17:17:56 <Karsten> +1 DavidJensen
17:17:57 <Vasant> Two points about scientific knowledge - not necessarily true and subject to change; also different competing perspectives from different investigators / communities
17:18:58 <LarryHunter> Andrey, "formal knowledge representation" could include quantitative models, especially if they are couched in terms that can be linked to community curated ontologies
17:19:19 <andrey_rzhetsky> Larry, then I am with you :)
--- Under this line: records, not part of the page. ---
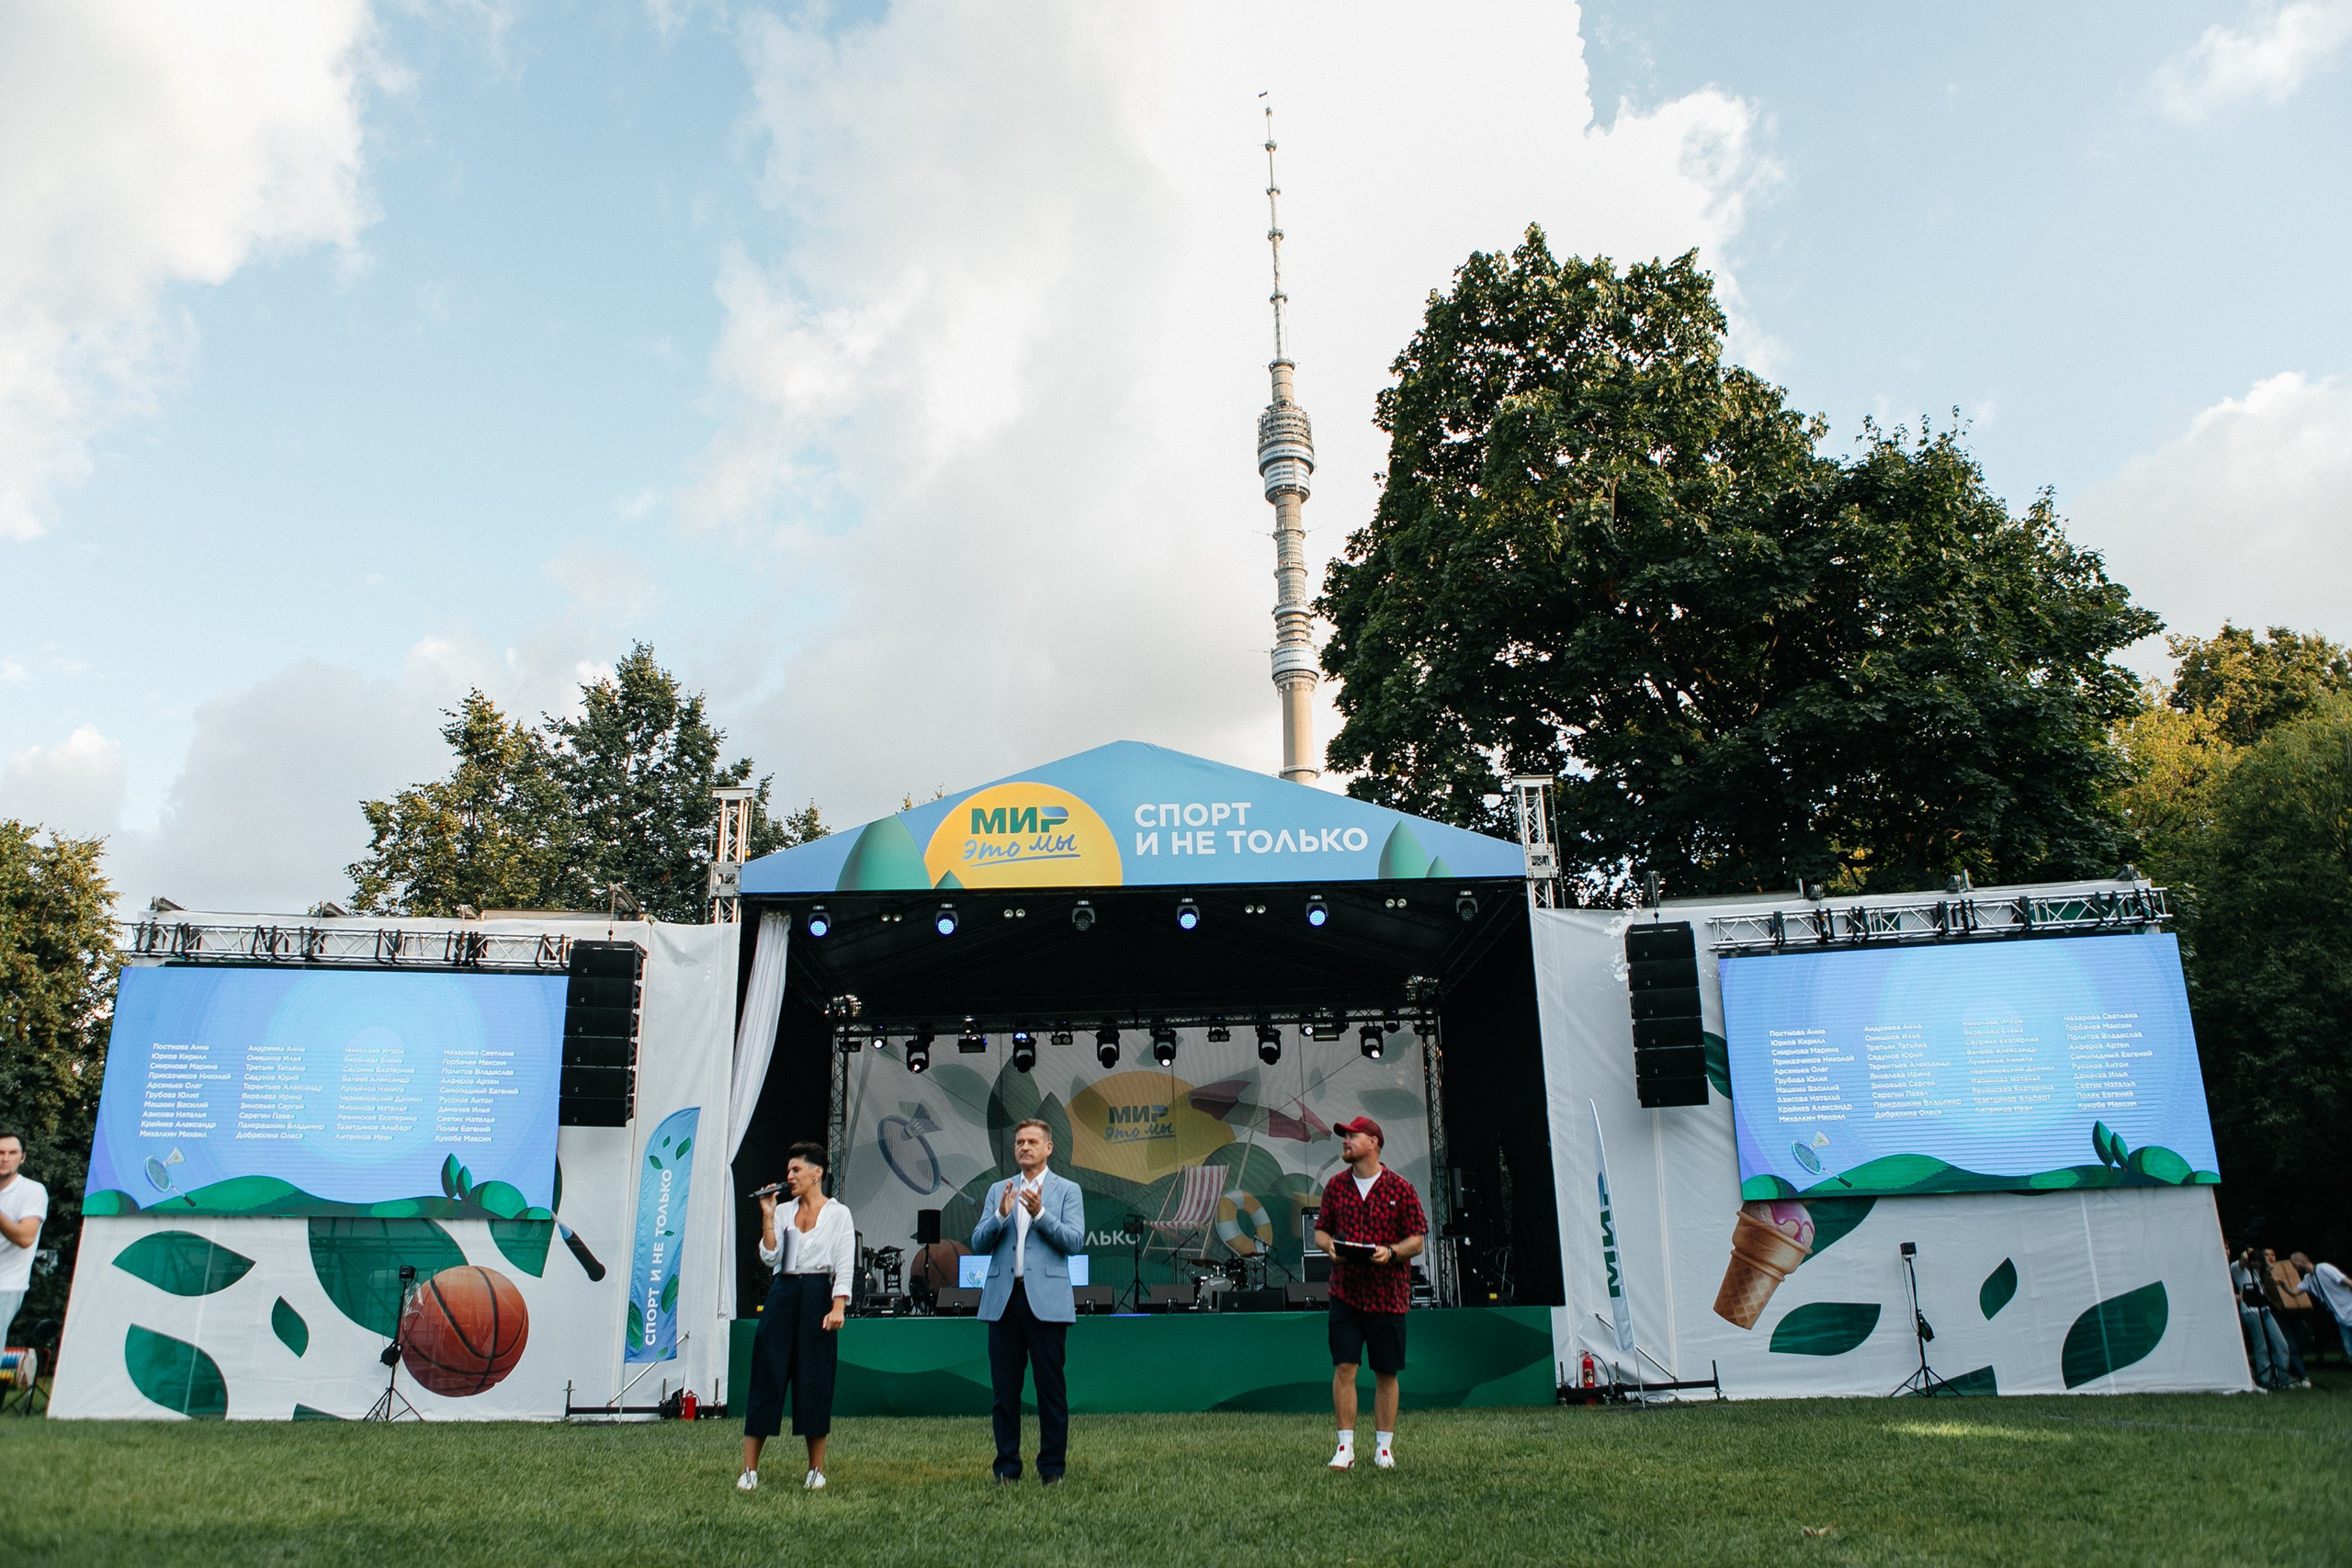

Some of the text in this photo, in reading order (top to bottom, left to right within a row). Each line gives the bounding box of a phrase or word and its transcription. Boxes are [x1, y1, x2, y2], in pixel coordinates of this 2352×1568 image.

[971, 807, 1069, 834] МИР
[1135, 802, 1251, 828] СПОРТ
[1136, 827, 1369, 856] И НЕ ТОЛЬКО
[1109, 1105, 1169, 1123] МИР
[1085, 1229, 1141, 1247] ЛЬКО
[645, 1169, 672, 1346] СПОРТ И НЕ ТОЛЬКО
17:19:19 <DavidJensen> +1 to Vasant, we need to have facilities to allow multiple competing hypotheses and theories.
17:20:10 <Vasant> +1 to DavidJensen on the need for causal models - for both driving simulations and designing experiments, testing hypotheses
17:20:22 <Helena> @Larry can  you give an example of a  databases of annotations? or gene ontology one such database?
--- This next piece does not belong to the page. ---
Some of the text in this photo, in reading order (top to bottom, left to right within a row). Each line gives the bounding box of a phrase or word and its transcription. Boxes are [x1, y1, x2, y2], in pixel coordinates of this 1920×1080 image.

17:20:23 <CeciliaAragon_> I agree with what Alex Szalay is saying: large scale simulations from physical principles are increasingly accepted, but fewer people know how to program these high performance simulations - this gap could lead to isolation between HPC and other scientists -  we need to focus on usability and accessibility of simulations, models, visualizations
17:20:24 <Karsten> And along with that we need (formal) mechanisms for comparing, testing, evaluating those hypotheses
17:20:44 <Vasant> +1 to Karsten
17:20:59 <Karsten> @Cecilia: +1 and climate science is another great example of this.
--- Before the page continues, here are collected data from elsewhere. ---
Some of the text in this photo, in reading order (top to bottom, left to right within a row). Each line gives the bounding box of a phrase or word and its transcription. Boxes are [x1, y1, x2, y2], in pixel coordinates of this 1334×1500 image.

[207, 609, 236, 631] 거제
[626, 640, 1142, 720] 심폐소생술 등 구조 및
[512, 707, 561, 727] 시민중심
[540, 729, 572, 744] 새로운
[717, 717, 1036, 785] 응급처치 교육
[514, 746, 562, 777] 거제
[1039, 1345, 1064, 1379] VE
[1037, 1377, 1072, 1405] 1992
17:21:03 <PaoloCiccarese> Karsten we go back to the way the hypotheses are represented and shared
17:21:25 <LizBradley> Argumentation frameworks are perfect for that - not only because they naturally handle that, but also because they reduce what Cecilia called the "impedance match."  Scientists communicate largely by arguing, and showing them your results in the form of an argument helps them.
17:21:41 <LarryHunter> Gene Ontology annotations, stored with the various model organism databases and EBI for the human (e.g. http://www.ebi.ac.uk/GOA/ )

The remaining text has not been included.